Encontrei em uma das praças um dos pratos que mais gosto: Rámen! Sim, miojo original maravilhoso, caldo suave e macarrão no ponto! O marido pediu dumplings. Tudo muito gostoso. Custaram 8 mil won e 4 mil won respectivamente.

Tambem é possível visitar o aquário dentro do Coex, nós não fomos. O valor da entrada é 25 mil won.

Saímos do Coex em direção ao monumento que foi instalado em homenagem ao cantor Psy, mundialmente conhecido por Gangnam Style, música que fala sobre o estilo de vida do bairro de Gangnam.

Rimos muito fazendo poses e vendo o vídeo que passa em looping num totem ao lado das mãos na posição do passo da coreografia! Micos de turistas rsrs

De lá atravessamos a rua para entrar no templo Bongeunsa. O templo foi construído durante a dinastia Silla em 794 DEC.

Destruído em partes por um incêndio e depois pela guerra entre as Coréias; foi restaurado recentemente, abriga um acervo de 3,479 esculturas de budas de várias formas, cultura budista, escrituras e tradição.

 

como ja mencionei anteriormente, nao é permitido fotografar dentro do templo, no site oficial de turismo da Coréia eles divulgam essas fotos.

Amei conhecer o até então, maior templo budista da vida! É incrível como sempre sinto uma paz lá dentro.

 

Entendo nada que os monges estão falando, mas já dá uma sensação boa. Recomendo muito.

Flor de Lotús simbolizando a pureza da alma

Agora estava na hora de conhecer outro local histórico e tentar comer mais um prato típico, polvo “vivo”, Sannakji!

Noryangjin Fish Market fica em Dongjak-gu, permanece aberto por 24h e se você for de madrugada, lá pelas 2 ou 3 da manhã é possível ver o leilão de peixes.

O mercado foi fundado em 1921, passou por uma modernização, nos andares de baixo ficam as lojas com os peixes e frutos do mar, maioria vivos em tanques e no andar superior restaurantes e lojas de utensílios.

Se você for como eu, que tem nojinho de molhar o pé escolha um sapato fechado e de preferência que não molhe fácil.

Escolhemos então dentre várias opções, o polvo que seria nosso prato do dia. Custou 3 mil won e a vendedora molhou nossas notas com água dos peixes hahahaha.

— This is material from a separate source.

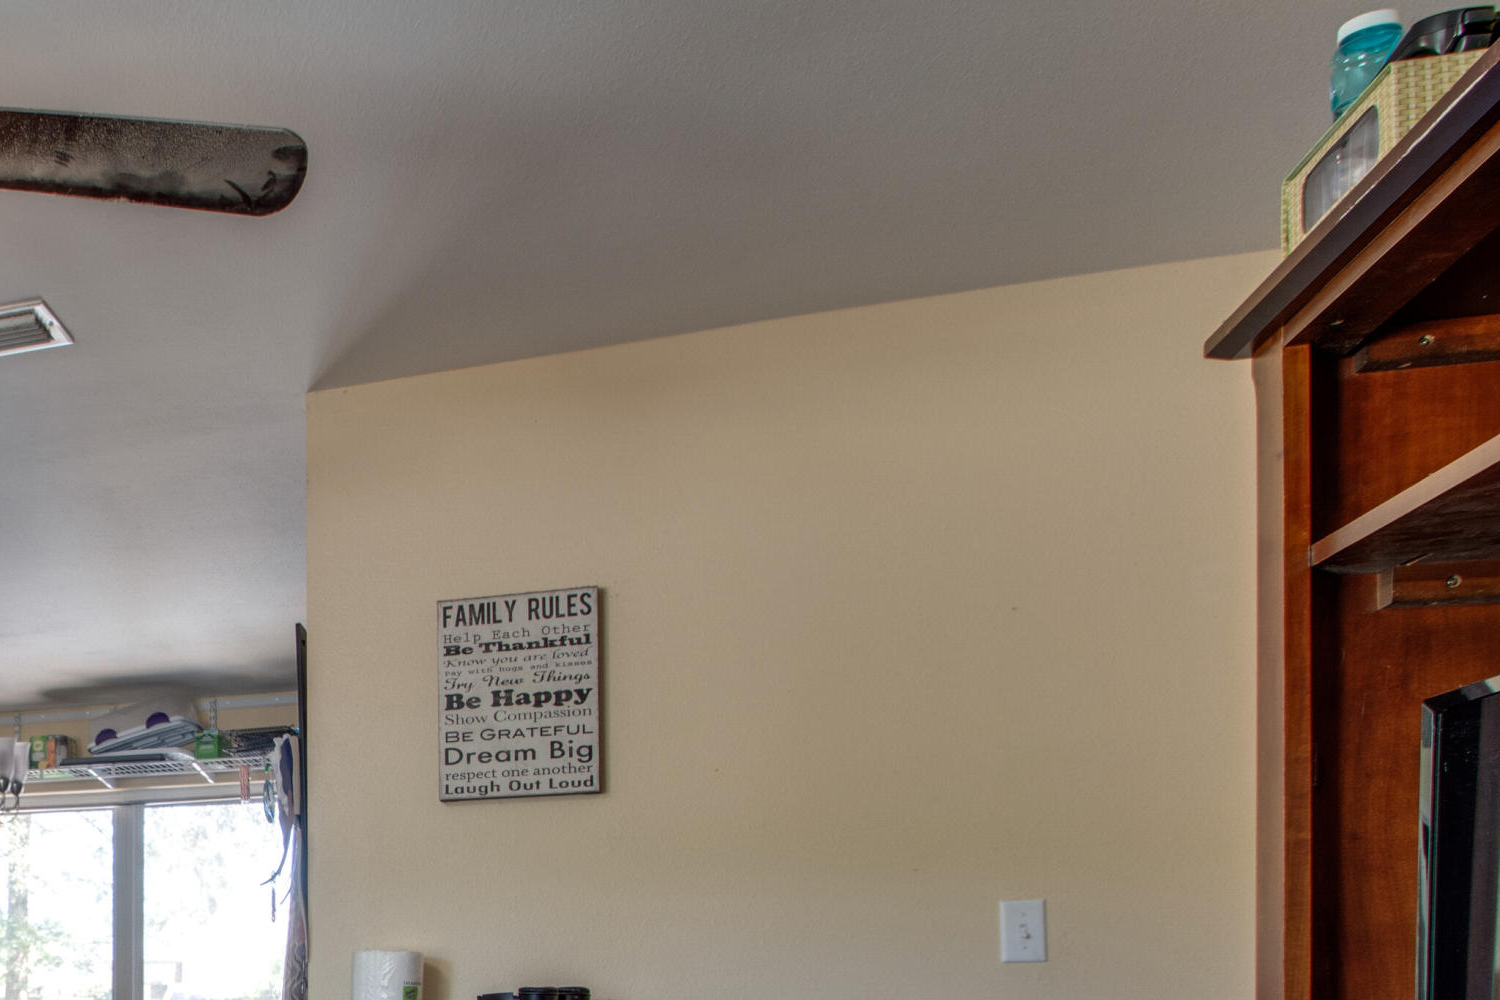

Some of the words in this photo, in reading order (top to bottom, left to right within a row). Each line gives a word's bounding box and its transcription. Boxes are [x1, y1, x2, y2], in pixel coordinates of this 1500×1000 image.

Subimos para os restaurantes e logo nos ofereceram fazer o sashimi, custou 10 mil won para que eles preparassem o polvo. O bichinho é cortado em pedados pequenos, regado com óleo de gergelim, salpicado com grãos de gergelim e servido ainda se mexendo! Acompanha shoyo, wasabi e claro kimichi.

Não é fácil olhar para o prato e ver sua comida parecer estar viva! Comi. O gosto é bom, é macio, mas a sensação dele se mover dentro da boca muito estranha! Não dá para descrever.

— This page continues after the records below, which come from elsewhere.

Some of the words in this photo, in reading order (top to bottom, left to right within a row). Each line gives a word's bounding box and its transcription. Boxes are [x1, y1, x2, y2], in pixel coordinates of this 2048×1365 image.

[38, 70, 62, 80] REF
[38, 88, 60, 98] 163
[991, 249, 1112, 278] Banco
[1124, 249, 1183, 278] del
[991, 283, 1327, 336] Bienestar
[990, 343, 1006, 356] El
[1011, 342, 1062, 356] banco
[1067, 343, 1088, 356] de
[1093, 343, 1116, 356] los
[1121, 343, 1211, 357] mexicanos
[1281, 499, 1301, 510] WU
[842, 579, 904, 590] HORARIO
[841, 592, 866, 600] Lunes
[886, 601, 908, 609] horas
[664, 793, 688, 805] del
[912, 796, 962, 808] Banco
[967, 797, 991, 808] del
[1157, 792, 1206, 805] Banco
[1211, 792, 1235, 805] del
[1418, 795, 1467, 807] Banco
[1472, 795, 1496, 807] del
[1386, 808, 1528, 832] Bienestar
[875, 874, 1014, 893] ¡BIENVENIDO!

As ventosas dos tentáculos ainda funcionam, fazendo com que às vezes um pedacinho se prenda ao prato ou ao hashi. Nos aconselharam a mastigar bastante antes de engolir, sob a explicação de que ele poderia se prender em nossa garganta e nos asfixiar!

Vale a experiência…

Já estávamos próximos ao museu de história da Coreia e fomos visitá-lo. O local é enorme, suntuoso e gratuito. Há uma parte, ao lado esquerdo,  que ficam exposições diversificadas em que é cobrada entrada, mas a parte da história coreana e de cultura asiática é livre.

No primeiro andar passamos por toda a história da Coreia, primeiros habitantes, diversas eras e reinados até a atualidade.

Coroa Real Dinastia Joseon

Nos andares superiores ficam expostas obras doadas por colecionadores, um pouco de cultura de alguns países da Ásia e obras religiosas.

Rei Taejo – Fundador da dinastia Joseon

O museu é muito completo, nele está o trono original do palácio Gyeongbokgung, no palácio está uma réplica com disse nesse post.

O museu fica em Yongsan-gu, abre às 10 da manhã, porém os horários de encerramento diferem; aos sábados, por exemplo, fecham às 9 da noite, outros dias às 6 da tarde. Você pode conferir aqui.

Acabamos nosso dia, como de costume em Meyongdong. Provando mais uma iguaria da culinária coreana, feijão doce com morango! Tinha como ficar bom? Claro que não! Hahaha não agradou. Aconselho a todos que provem,  pois cada um tem o paladar diferente.

Congelamos um pouco no ponto de ônibus na volta para casa, mas chegamos bem!

 

Já se aventurou numa viagem e comeu ou fez algo que nunca imaginou?

Me conta sua aventura, quem sabe me serve de inspiração para uma próxima viagem.